We will now consider what happens when we need to add and subtract vectors. Let’s imagine we want to add two vectors 𝐚 and 𝐛. We can show this visually by first drawing vector 𝐚. We can then draw vector 𝐛 from the end of this vector. The vector 𝐚 plus 𝐛 will go from the start of vector 𝐚 to the end of vector 𝐛. If vector 𝐚 was equal to five, two and vector 𝐛 was equal to three, negative three, we could find vector 𝐚 plus 𝐛 by adding the individual components separately. We add five and three and then separately two and negative three. This means that 𝐚 plus 𝐛 would be equal to eight, negative one.
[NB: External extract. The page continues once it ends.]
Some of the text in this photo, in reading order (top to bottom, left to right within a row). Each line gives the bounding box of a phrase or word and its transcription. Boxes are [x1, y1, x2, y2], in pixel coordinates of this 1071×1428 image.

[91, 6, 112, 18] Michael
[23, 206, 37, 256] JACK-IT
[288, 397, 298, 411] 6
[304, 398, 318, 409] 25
We can follow a similar process when subtracting vectors. To work out vector 𝐚 minus 𝐛, we would subtract three from five and negative three from two. This would give us the vector two, five.
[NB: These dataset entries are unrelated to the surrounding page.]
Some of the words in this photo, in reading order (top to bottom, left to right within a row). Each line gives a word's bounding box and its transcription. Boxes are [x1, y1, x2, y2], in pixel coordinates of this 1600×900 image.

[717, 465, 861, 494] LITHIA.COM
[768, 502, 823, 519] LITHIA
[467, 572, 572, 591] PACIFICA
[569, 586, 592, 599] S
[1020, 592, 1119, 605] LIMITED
Let’s consider what this would look like in a sketch. Once again, we can begin by drawing vector 𝐚. We know from our top diagram that vector 𝐛 looks as shown. The vector negative 𝐛 would have the same magnitude but go in the opposite direction. This gives us the vector 𝐚 plus negative 𝐛, which is the same as 𝐚 minus 𝐛. We will now look at some specific examples where we need to add and subtract vectors.

Given that vector 𝐀 is equal to negative five 𝐢 plus 10𝐣 and vector 𝐁 is equal to negative four 𝐢 minus five 𝐣, where 𝐢 and 𝐣 are two perpendicular unit vectors, find vector 𝐀 minus vector 𝐁.

We recall that in order to add or subtract two or more vectors, we simply add or subtract the corresponding components. In this question, we need to subtract negative four 𝐢 minus five 𝐣 from negative five 𝐢 plus 10𝐣. We can then subtract the 𝐢- and 𝐣-components separately. Negative five minus negative four is equal to negative one. This is because this is the same as negative five plus four.

Subtracting negative five from 10 gives us 15, as once again this is the same as adding five to 10. Vector 𝐀 minus vector 𝐁 is therefore equal to negative 𝐢 plus 15𝐣.

In our next question, we all need to add and subtract three vectors.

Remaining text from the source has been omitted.